WHAT YOU ARE ASKED TO DO - Set down each entry exactly as given; pictures should not appear in the copy.

%%

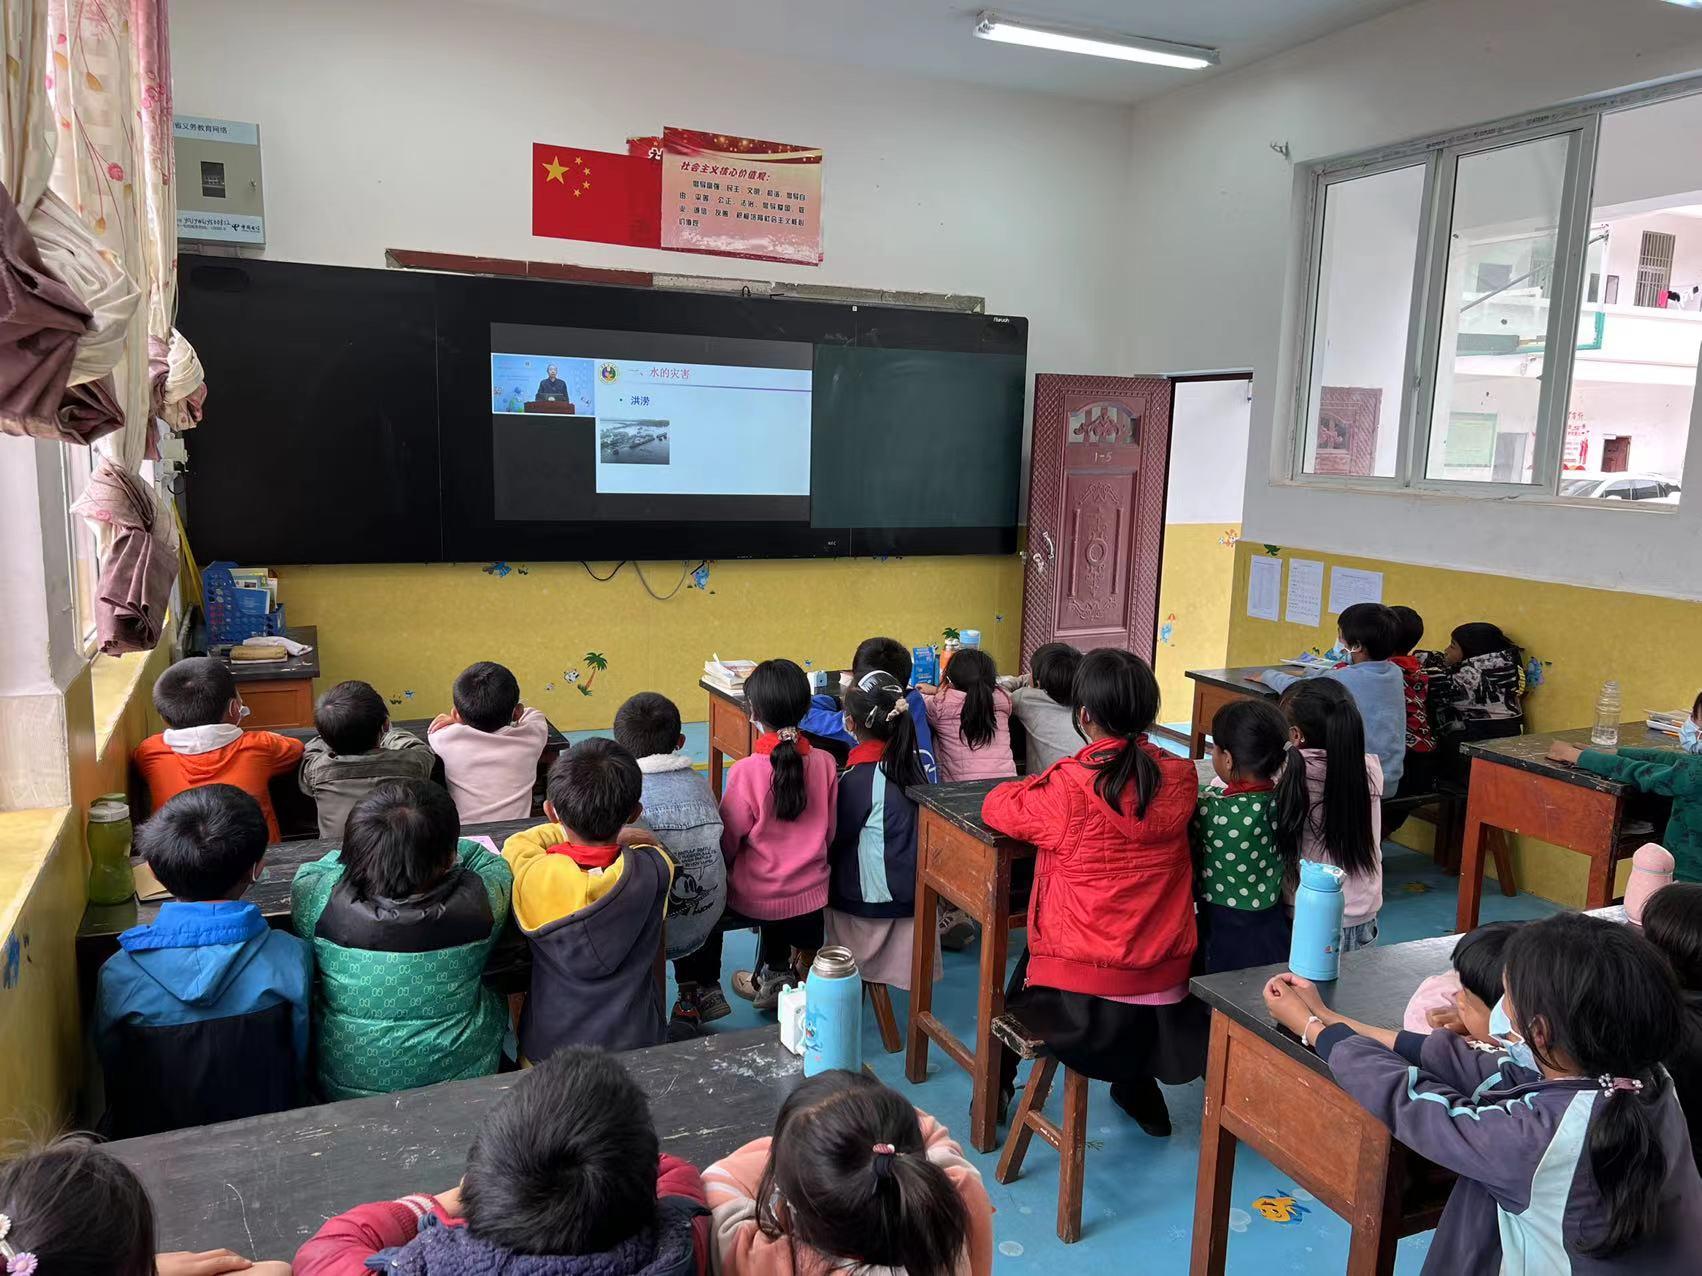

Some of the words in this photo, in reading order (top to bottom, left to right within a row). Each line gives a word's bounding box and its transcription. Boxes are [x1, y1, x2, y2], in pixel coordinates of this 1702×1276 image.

[627, 367, 690, 379] 一、水的灾害
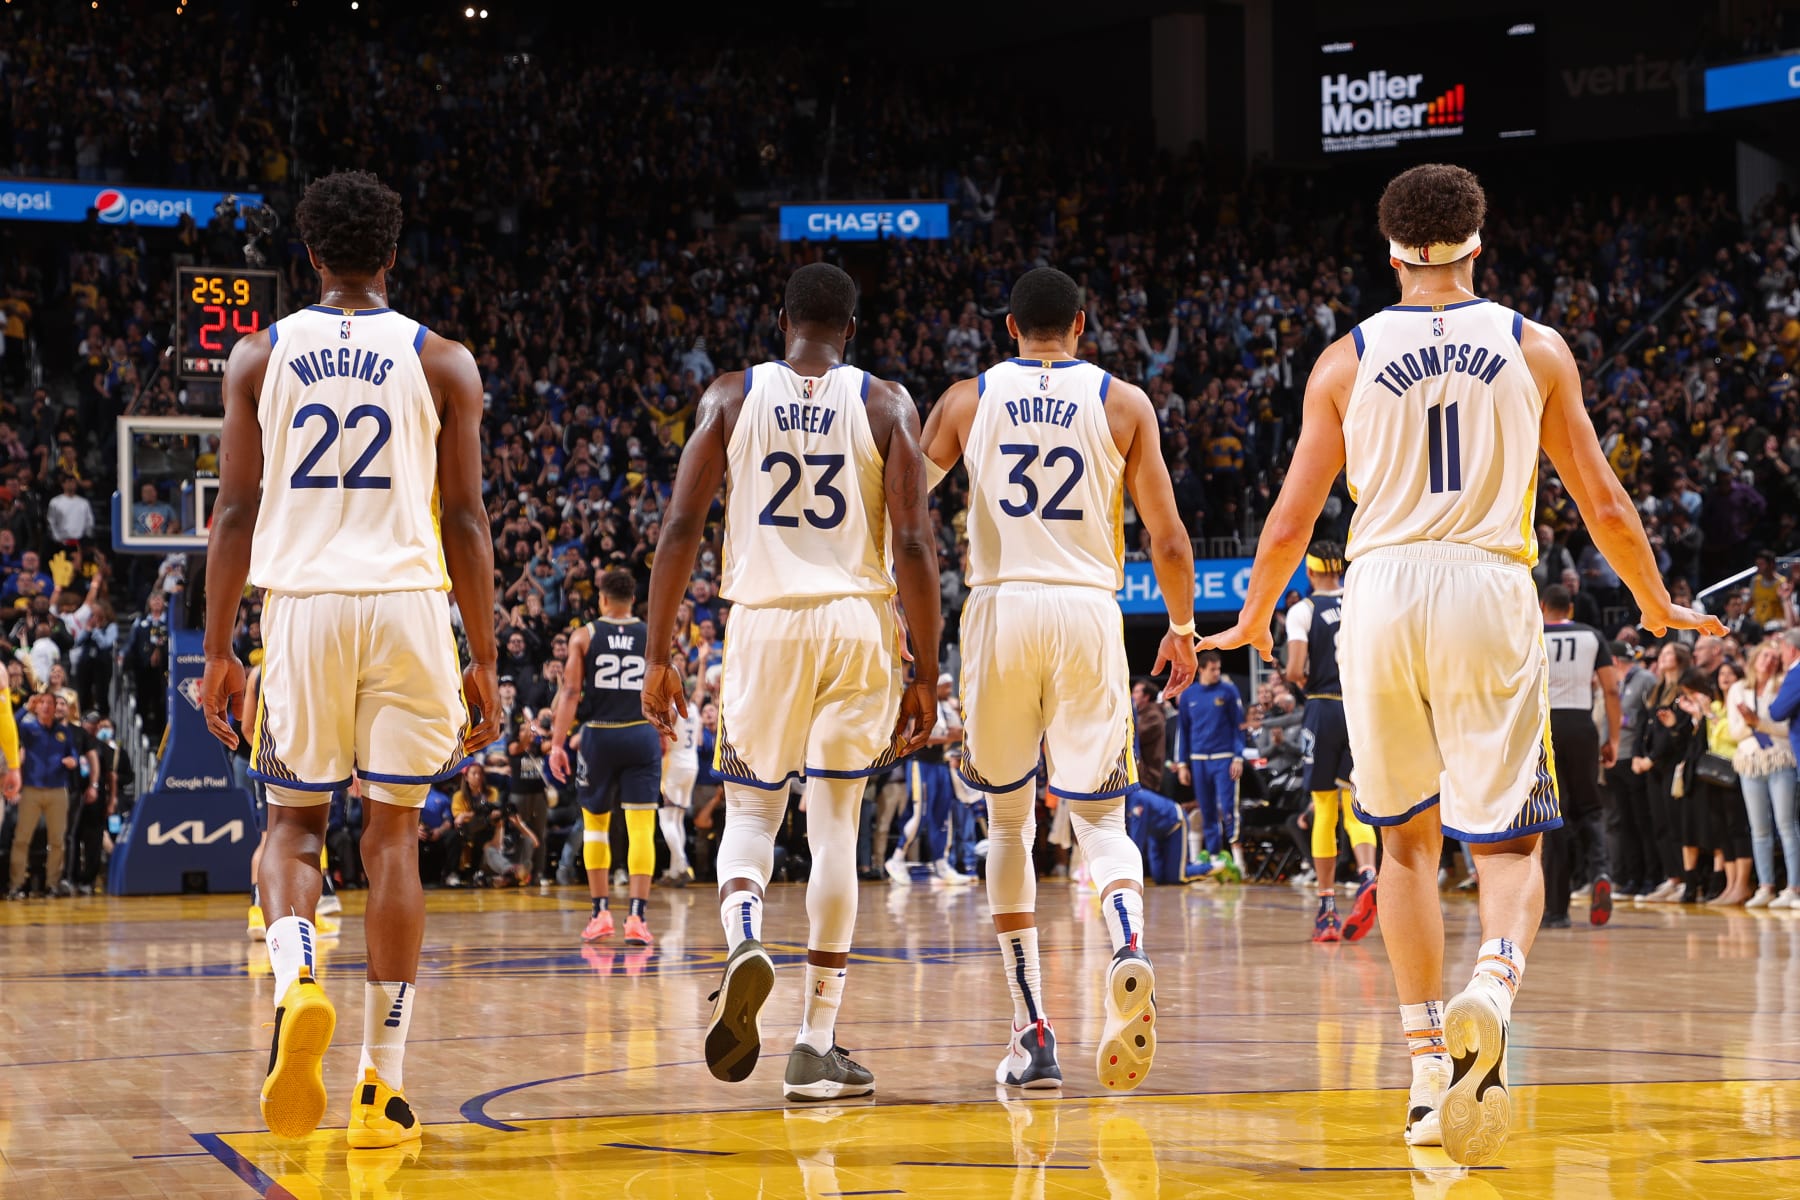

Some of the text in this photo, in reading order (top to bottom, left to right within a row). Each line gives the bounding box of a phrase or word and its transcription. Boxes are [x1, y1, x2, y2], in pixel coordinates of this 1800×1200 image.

[1321, 70, 1423, 104] Holier
[1560, 53, 1686, 98] veriz
[1321, 100, 1428, 135] Molier
[0, 191, 52, 214] epsi
[129, 198, 193, 220] pepsi
[808, 211, 894, 233] CHASE
[191, 277, 250, 306] 25.9
[199, 305, 259, 351] 24
[288, 347, 394, 387] WIGGINS
[1374, 343, 1508, 398] THOMPSON
[774, 403, 837, 436] GREEN
[1005, 397, 1079, 429] PORTER
[290, 403, 392, 490] 22
[1427, 400, 1462, 494] 11
[758, 451, 848, 530] 23
[998, 443, 1085, 521] 32
[1551, 637, 1576, 662] 77
[594, 653, 646, 691] 22
[165, 776, 228, 791] Google Pixel
[147, 819, 244, 846] KIA
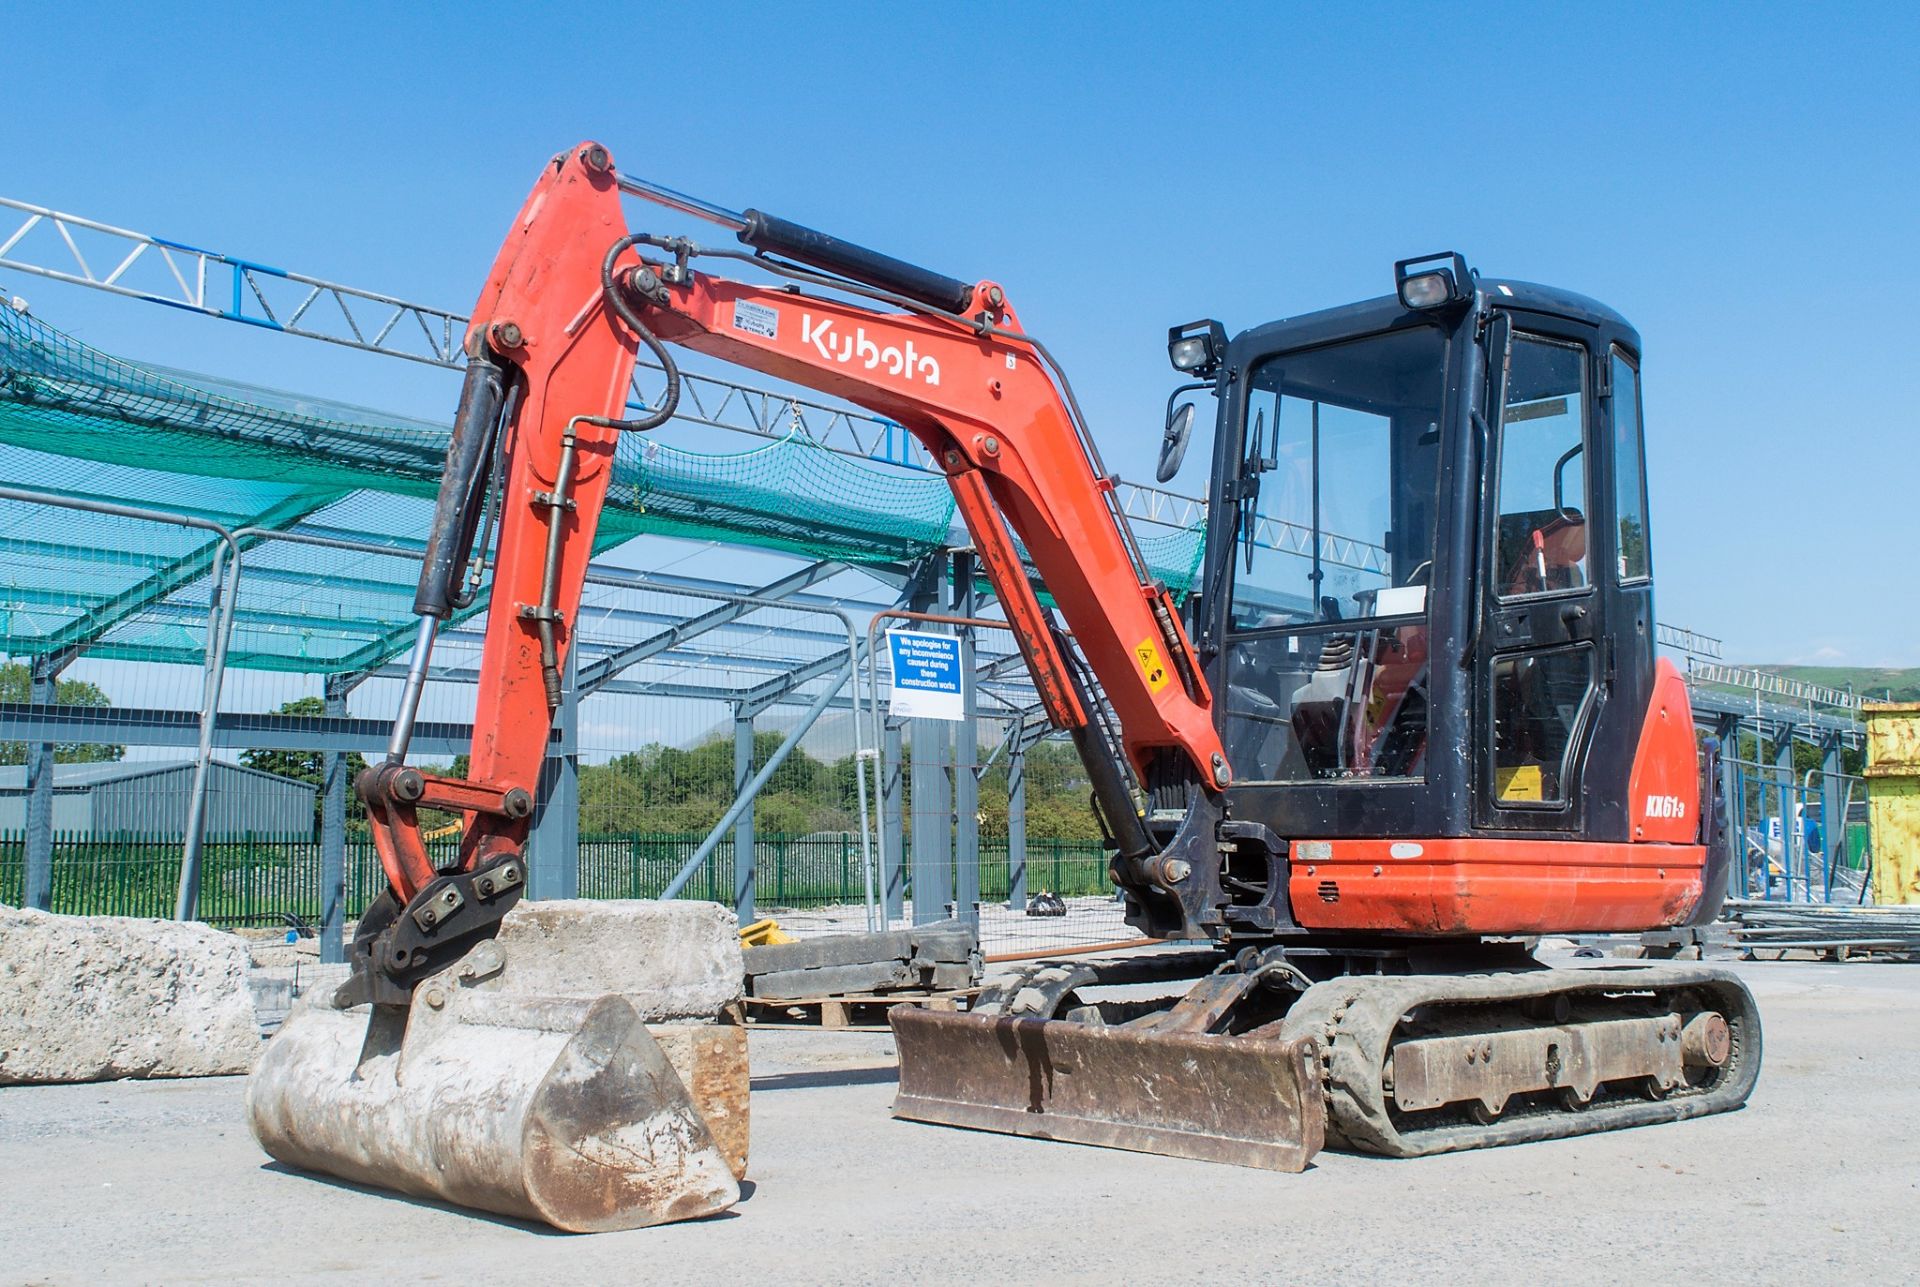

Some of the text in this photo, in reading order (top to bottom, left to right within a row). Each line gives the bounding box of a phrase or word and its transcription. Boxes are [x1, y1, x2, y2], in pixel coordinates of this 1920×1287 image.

[802, 313, 940, 386] Kubota
[900, 636, 951, 650] We apologise for
[899, 648, 954, 660] any inconvenience
[907, 659, 949, 671] caused during
[920, 669, 937, 678] these
[901, 678, 956, 690] construction works
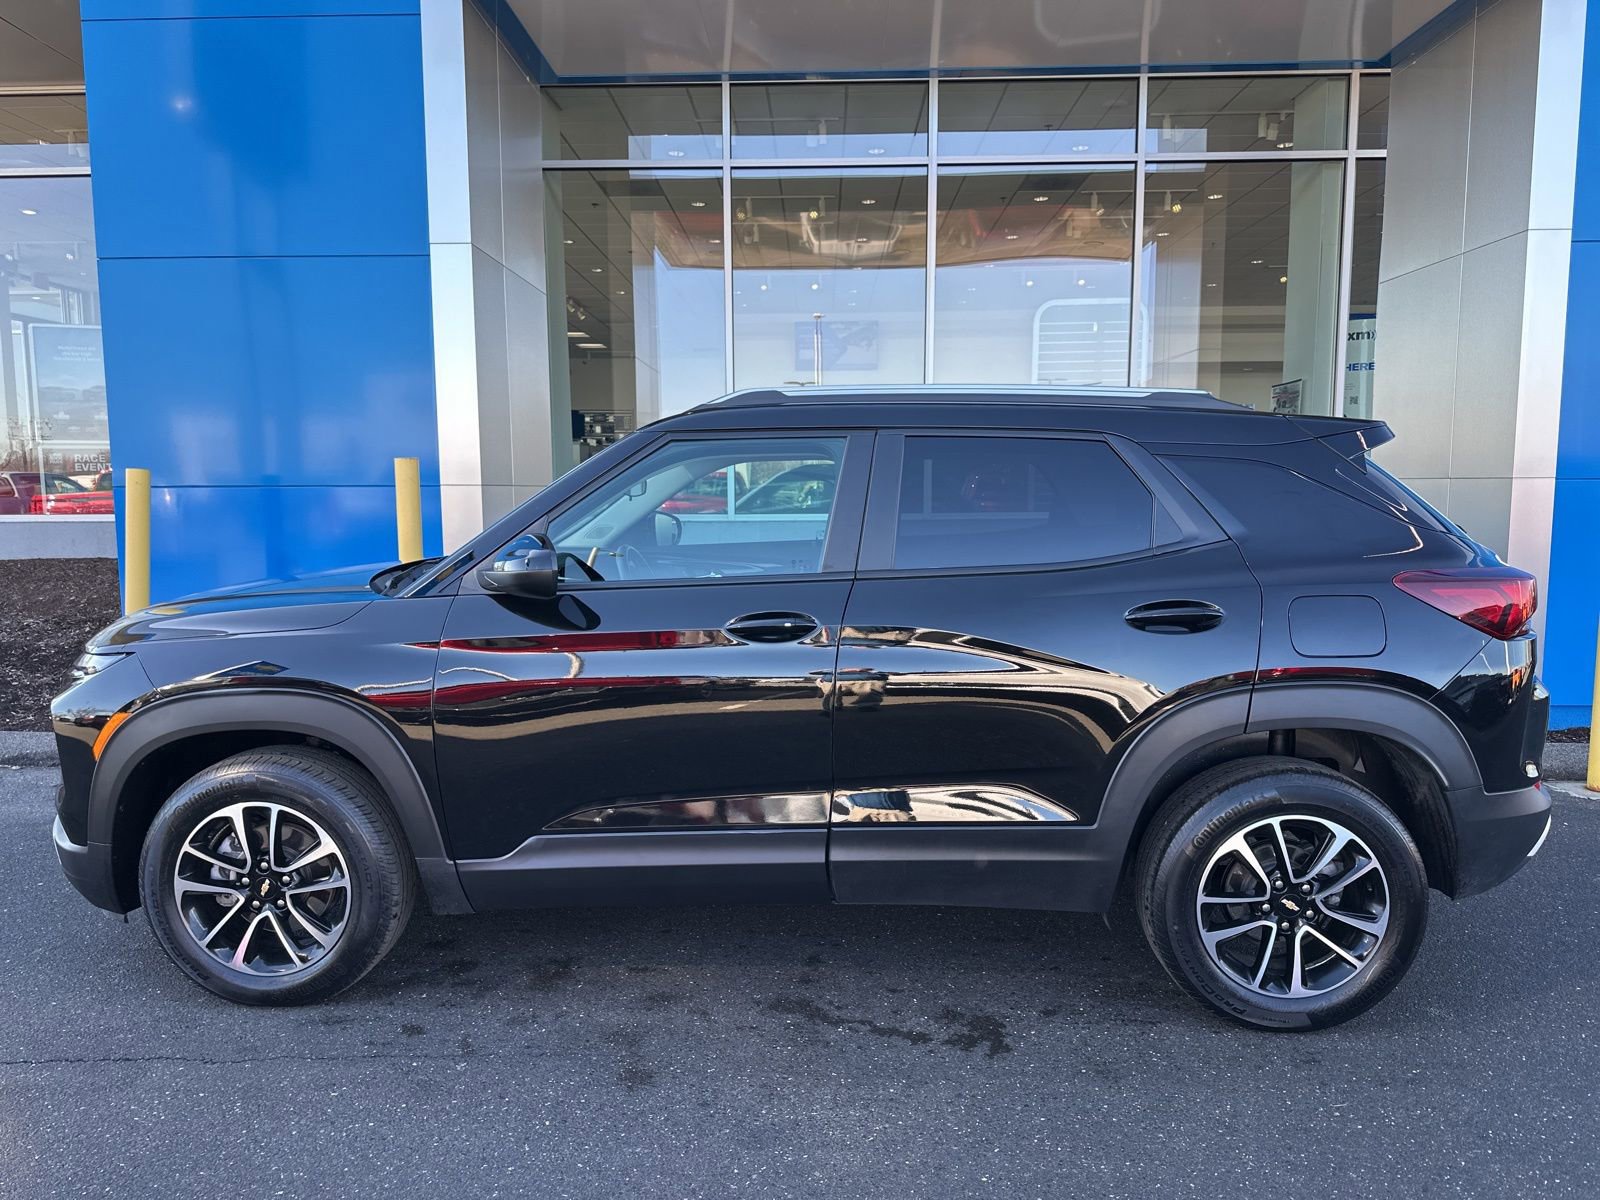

%%

EXERCISE SOLUTION -
Some of the words in this photo, in reading order (top to bottom, left to right within a row). Each line gives a word's bounding box and its transcription. Boxes are [x1, y1, x2, y2], in pixel coordinates of this 1702×1276 image.

[627, 367, 690, 379] 一、水的灾害

Some of the text in this photo, in reading order (top to bottom, left to right within a row). Each line gives the bounding box of a phrase or word and its transcription. Boxes are [x1, y1, x2, y2], in pixel coordinates of this 1800×1200 image.

[1321, 70, 1423, 104] Holier
[1560, 53, 1686, 98] veriz
[1321, 100, 1428, 135] Molier
[0, 191, 52, 214] epsi
[129, 198, 193, 220] pepsi
[808, 211, 894, 233] CHASE
[191, 277, 250, 306] 25.9
[199, 305, 259, 351] 24
[288, 347, 394, 387] WIGGINS
[1374, 343, 1508, 398] THOMPSON
[774, 403, 837, 436] GREEN
[1005, 397, 1079, 429] PORTER
[290, 403, 392, 490] 22
[1427, 400, 1462, 494] 11
[758, 451, 848, 530] 23
[998, 443, 1085, 521] 32
[1551, 637, 1576, 662] 77
[594, 653, 646, 691] 22
[165, 776, 228, 791] Google Pixel
[147, 819, 244, 846] KIA

Some of the text in this photo, in reading order (top to bottom, left to right within a row). Each line gives the bounding box of a phrase or word and its transcription. Boxes are [x1, y1, x2, y2], in pixel coordinates of this 1920×1287 image.

[802, 313, 940, 386] Kubota
[900, 636, 951, 650] We apologise for
[899, 648, 954, 660] any inconvenience
[907, 659, 949, 671] caused during
[920, 669, 937, 678] these
[901, 678, 956, 690] construction works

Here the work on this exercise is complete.